Paper No. 282-8
Presentation Time: 9:00 AM-6:30 PM
INVESTIGATING MODERN GLACIAL EROSION-TECTONIC INTERACTIONS WITHIN THE ST. ELIAS MOUNTAINS, ALASKA USING MARINE SEDIMENT PROVENANCE
The coastal St. Elias Range in Alaska is home to large temperate glaciers, making it an exceptional location to study the interaction between glacial erosion and tectonics in an active orogen. Glacial erosion scales with ice flux and bedrock erodibility that is affected by regional faulting and tectonic strain. Previous work in this region has focused on the Malaspina-Seward and Bering-Bagley ice fields, using exhumation rates derived from detrital and bedrock zircon and apatite thermochronology to constrain regions of increased glacial erosion and uplift. Within the Malaspina-Seward, erosion is concentrated in regions with both fast sliding velocities (Seward Throat), and concentrated tectonic strain (Seward ice field) (Headley et al., 2013; Enkelmann et al., 2015). For the Bering-Bagley, erosion is thought to be concentrated on the windward side of the range based on thermochronolgy (Berger et al., 2008). This study uses geochemical provenance of silt-sized (15-63μm) surficial sediments collected throughout the Gulf of Alaska to test if the same erosion patterns are also observed in the fine-grained fraction.
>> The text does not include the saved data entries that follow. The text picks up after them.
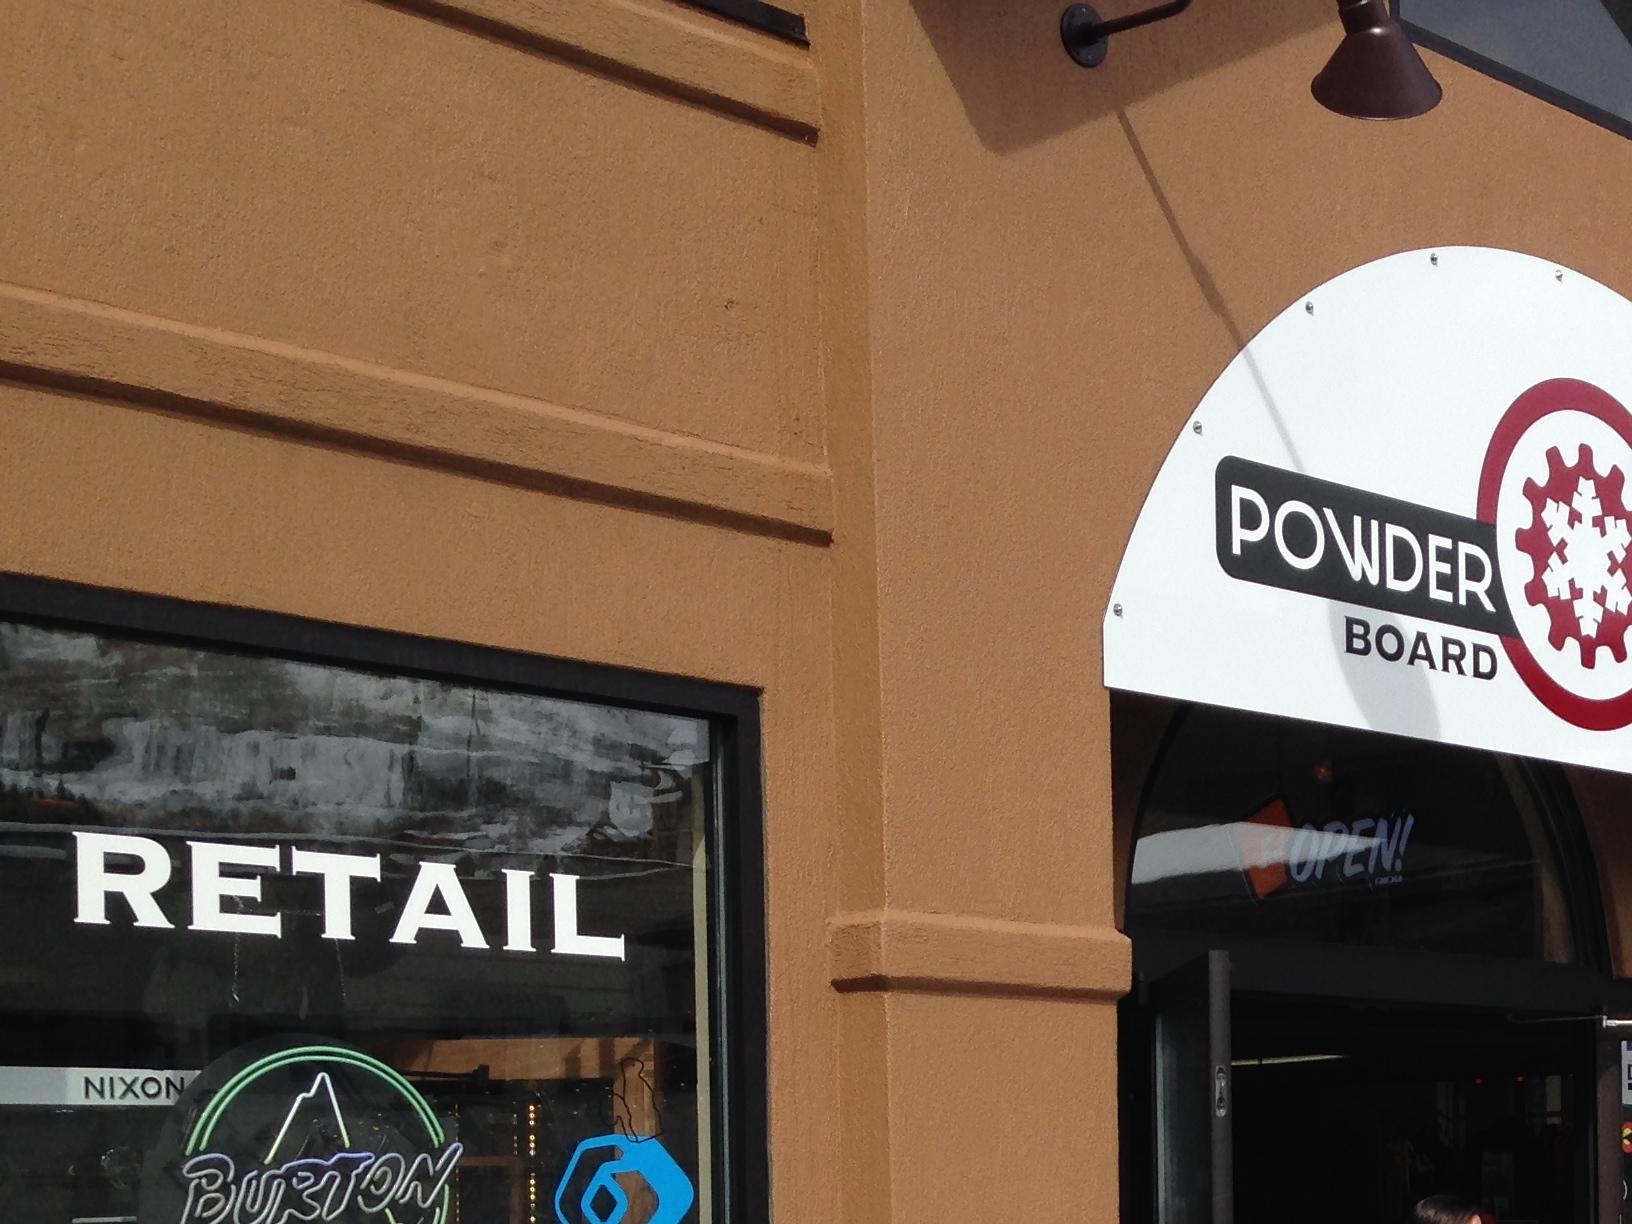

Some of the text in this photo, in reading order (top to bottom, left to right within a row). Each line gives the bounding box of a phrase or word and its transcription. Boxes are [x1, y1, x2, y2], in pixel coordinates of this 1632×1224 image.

[1230, 484, 1496, 613] POWDER
[1344, 616, 1498, 681] BOARD
[1289, 814, 1414, 882] OPEN!
[72, 831, 626, 962] RETAIL
[84, 1076, 184, 1099] NIXON
Onshore bedrock elemental data is used to create a Bayesian Composition Estimator (Van den Meersche, 2008) mixing model for Gulf of Alaska sediments offshore the Bering-Bagley and Malaspina-Seward ice fields. Our results show a majority of fine-grained sediment deposited by the Bering Glacier during the 1994-1995 surge event originated from an ultra-mafic metabasalt zone and the low-grade metamorphic Orca-Valdez formation rocks underlying the Bagley ice field. This suggests that the tectonic-erosion coupling within the Bagley ice field, which overlies the Contact fault, may be stronger than what is observed from thermochronology. Sediment deposited by the Malaspina-Seward glacial system appears to reflect a mixed provenance representing the Yakataga formation that underlies the Seward throat, and Chugach Metamorphic Complex and Orca-Valdez rocks that underlie the Seward ice field. Our results support global observations that temperate glacial erosion in an active orogen is concentrated in regional fault zones.